Despite the wealth of production workflow improvements, there’s not a lot of love for live performers in this upgrade. A revision of Ableton’s MIDI Mapping features seems long overdue. The simple touch-and-go mapping remains intuitive and quick, but a more extended mode for advanced users would be welcomed by those with more sophisticated live MIDI setups. For example, I would love to have manual MIDI map editing to be able to manually enter note, CC (Control Change) and channel assignments, or have the option to easily map multiple incoming CCs to a single device parameter — something that still can only be achieved in Ableton using workarounds. Crafty programmers no doubt could build Max for Live solutions to allow more sophisticated MIDI routing, but with MIDI assignments still at the core of most Ableton rigs both in the studio and on stage, it would be nice to see this area expanded as part of the core program.

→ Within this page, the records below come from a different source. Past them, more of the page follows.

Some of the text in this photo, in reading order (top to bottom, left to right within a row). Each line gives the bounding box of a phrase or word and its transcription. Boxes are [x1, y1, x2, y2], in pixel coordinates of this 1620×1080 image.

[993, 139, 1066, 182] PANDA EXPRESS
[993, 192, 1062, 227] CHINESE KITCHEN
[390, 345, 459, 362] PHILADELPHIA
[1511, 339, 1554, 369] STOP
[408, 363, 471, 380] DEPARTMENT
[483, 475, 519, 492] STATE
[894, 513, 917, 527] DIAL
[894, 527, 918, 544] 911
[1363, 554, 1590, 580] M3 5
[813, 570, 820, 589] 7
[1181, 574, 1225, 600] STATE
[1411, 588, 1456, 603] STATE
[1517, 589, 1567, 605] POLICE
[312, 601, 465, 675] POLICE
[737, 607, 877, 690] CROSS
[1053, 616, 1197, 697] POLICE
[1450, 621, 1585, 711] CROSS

Going digital ain’t so bad...
VIDEO STATIC
A well-kept secret to even its most regular users, Ableton’s implementation of video playback was snuck into the system many years ago in Live 6 and has not changed much since then. Charmingly basic in its capabilities — dragging a video file into Ableton’s arrangement view and you can cut, warp and loop it with the same editing tools used audio — it’s a rudimentary video sequencing tool that many users find only by accident. But it allows for quick and efficient video editing for those looking to avoid complicated video software suites. It’s also useful for scoring and can be used for live performance if you can manhandle Ableton’s finicky video playback window. The creative manipulation and meshing of audio to video would seem like fertile ground for Ableton’s wily developers — with artists increasingly integrating video into their performances. And since Ableton is a regular fixture on stages big and small, it seems a missed opportunity for Ableton to not have paid any attention to this cobwebbed corner of their software in Live 9. Perhaps consciously leaving it to some ingenious Max for Live developers to build a more robust video playback platform for use inside Ableton. BROWSING AROUND
There are a host of other subtle functionality improvements that make Live 9 a smoother, more transparent environment to work in. An improved browser integrates sounds, devices and project files for quick Spotlight-style searching [it’s a Mac thing – Ed]. Envelope curves have been introduced for those who are looking for a little more flourish in their automations, while a number of new MIDI editing features allow for quicker transposition, transformation and duplication of bulk MIDI notes. Despite many months in beta, not all of the creases have been ironed out of Live 9, and so anyone using Ableton in a critical environment such as on stage is probably wise to hold off for a few software patches to come through before making the leap. I’ve been using it as my production DAW for a month and have come across a few quirky non-fatal bugs, display errors and odd behaviours that are best described as nuisances. Other friends have reported latency issues and the occasional audio errors. If you’re impatient like me, or mostly use Ableton for production — the vast array of new production options and sound packs, combined with a range of workflow tweaks (many so subtle that you won’t notice how much impact they’ve made until you dive back into Live 8 for some reason) make the upgrade to Live 9 too enticing to resist.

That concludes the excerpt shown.